The impact of enhanceosome on gene regulation. (A) The association of ERα, FOXA1, and GATA3 bindings with E₂-regulated genes. The percentages of the upregulated and downregulated genes are significant from genes associated with ERα+FOXA1+GATA3 overlapped binding sites. (B) The association of TF bindings with E₂-regulated genes in two different configurations where conjoint ERα+FOXA1+GATA3 bindings with overlapping occupancy by all three TFs and those non-overlapping individual ERα, FOXA1, and GATA3 bindings in close proximity within 20 kb of a TSS. (C) Gene ontology analysis of genes associated with different categories of ERα, FOXA1, and GATA3 bindings. The genes associated with ERα+FOXA1+GATA3 overlapped binding sites have significant functions, compared with genes only with individual unique ERα, FOXA1, and GATA3 bindings. (D) The presence of ERα, FOXA1, and GATA3 has induced the luciferase activity of GREB1 gene in MDA-MB-231 cells.

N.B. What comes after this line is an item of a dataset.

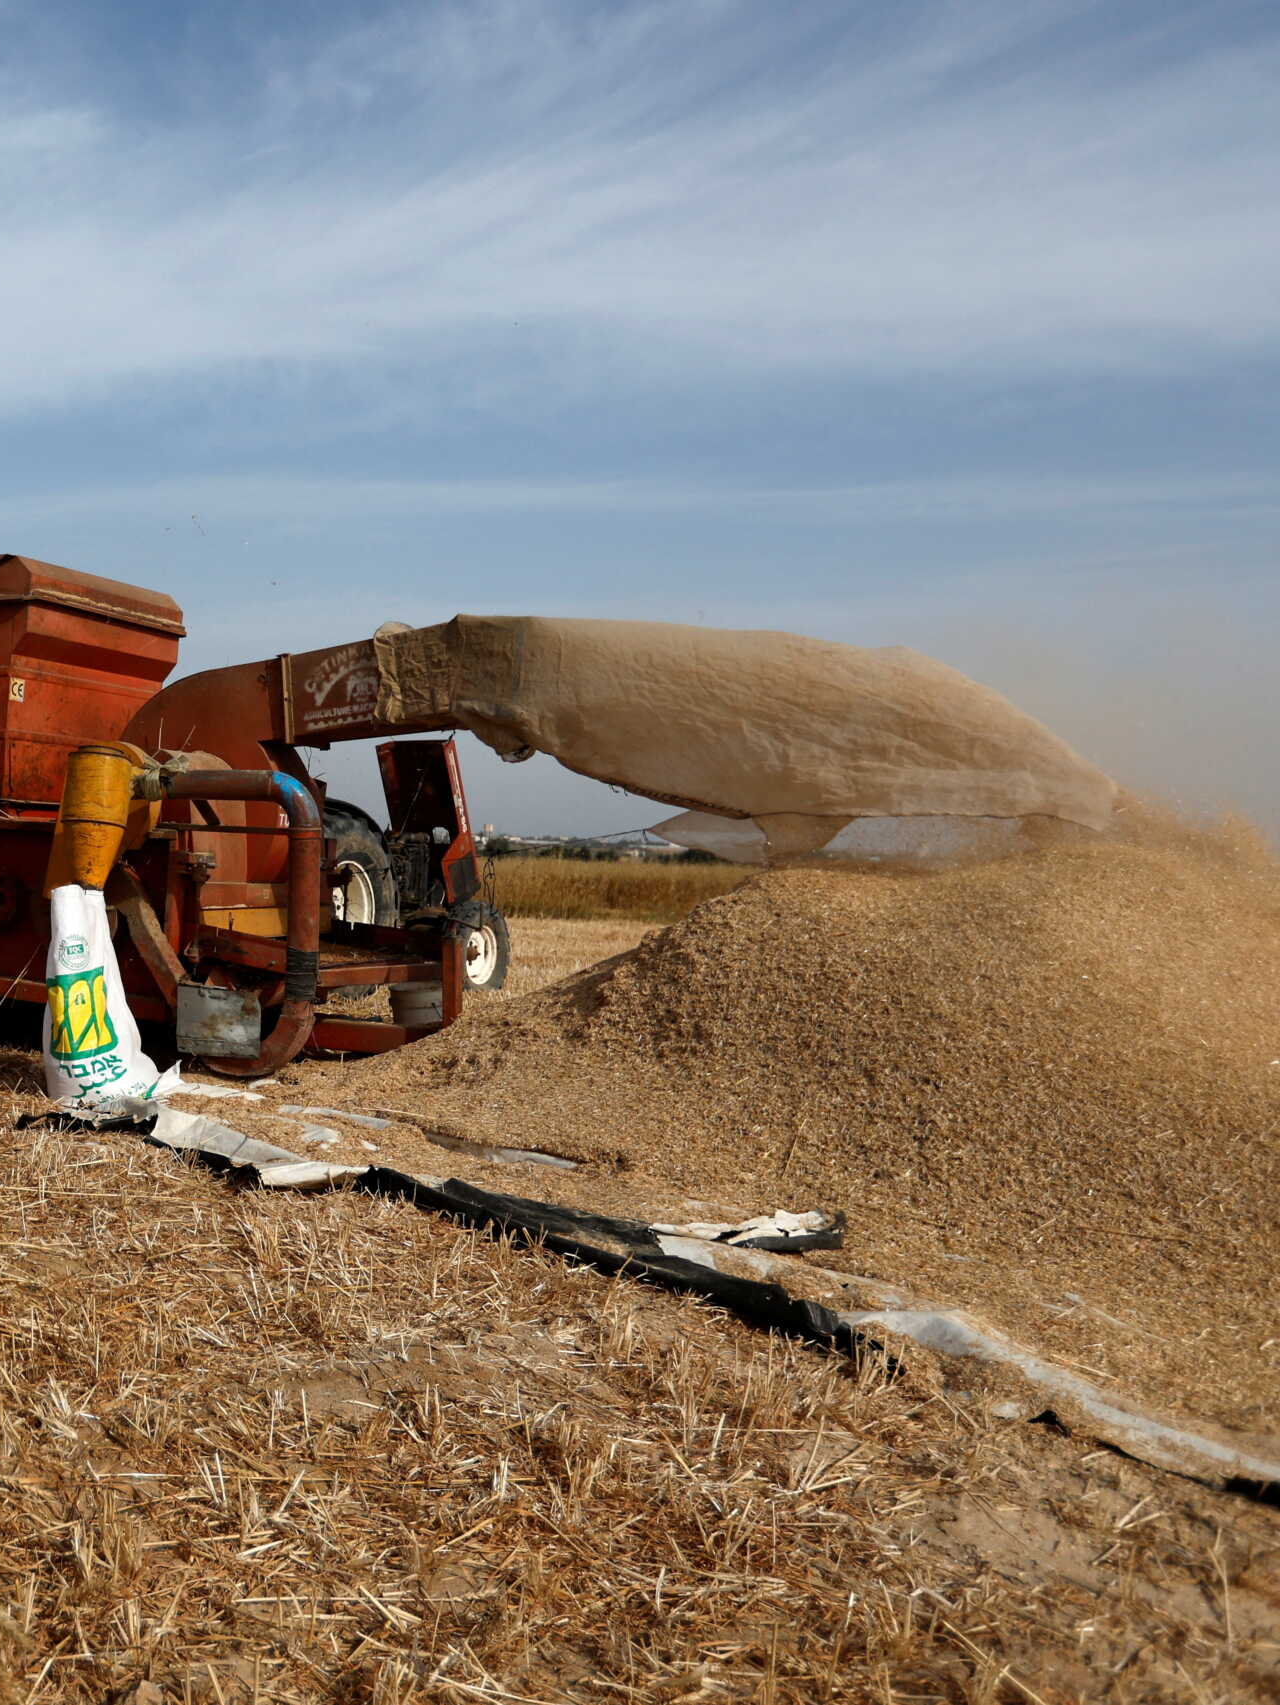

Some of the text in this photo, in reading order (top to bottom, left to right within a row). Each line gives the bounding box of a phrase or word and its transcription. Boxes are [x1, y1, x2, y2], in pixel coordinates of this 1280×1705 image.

The basal luciferase activity of GREB1 in MDA-MB-231 cells is used as the control reference. Mean values of three independent experiments are compared and standard errors are shown. (E) The loss of FOXA1 and/or GATA3 bindings has reduced the luciferase activity of GREB1 gene in MCF-7 cells. ‘mER’, ‘mFOXA1’, and ‘mGATA3’ denote mutated ERE, FOXA1, and GATA3 motif sequences around their respective binding sites near the GREB1 promoter. The basal luciferase activity of GREB1 in MCF-7 wild-type cells is served as the control reference. Mean values of three independent experiments are compared and standard errors are shown.

Figure 6

FOXA1 and GATA3 are essential components of E₂-induced ERα-response casette. (A) The growth of MDA-MB-231 cells transfected with different combinations of TFs relative to the vehicle-treated MDA-MB-231 vector control cells at the final day of WST-1 measurement. (B) The recapitulation of reprogramming work in another ERα-negative BT-549 cells. The growth of BT-549 cells tranfected with different combinations of TFs relative to the vehicle-treated BT-549 vector control cells at the final day of WST-1 assay. (C) The comparison of gene profiles in the reprogrammed MDA-MB-231 and MCF-7 cells. The gene profiles of ERα-only MDA-MB-231 cells show weak correlation with the expression profiles of MCF-7 cells. (D) The ERα+FOXA1+GATA3-expressing MDA-MB-231 cells display good correlation with the expression profile of ERα-positive MCF-7 cells. The P-value for the differences between the two correlation coefficient stated in (C) and (D) is ⩽2.08E−11.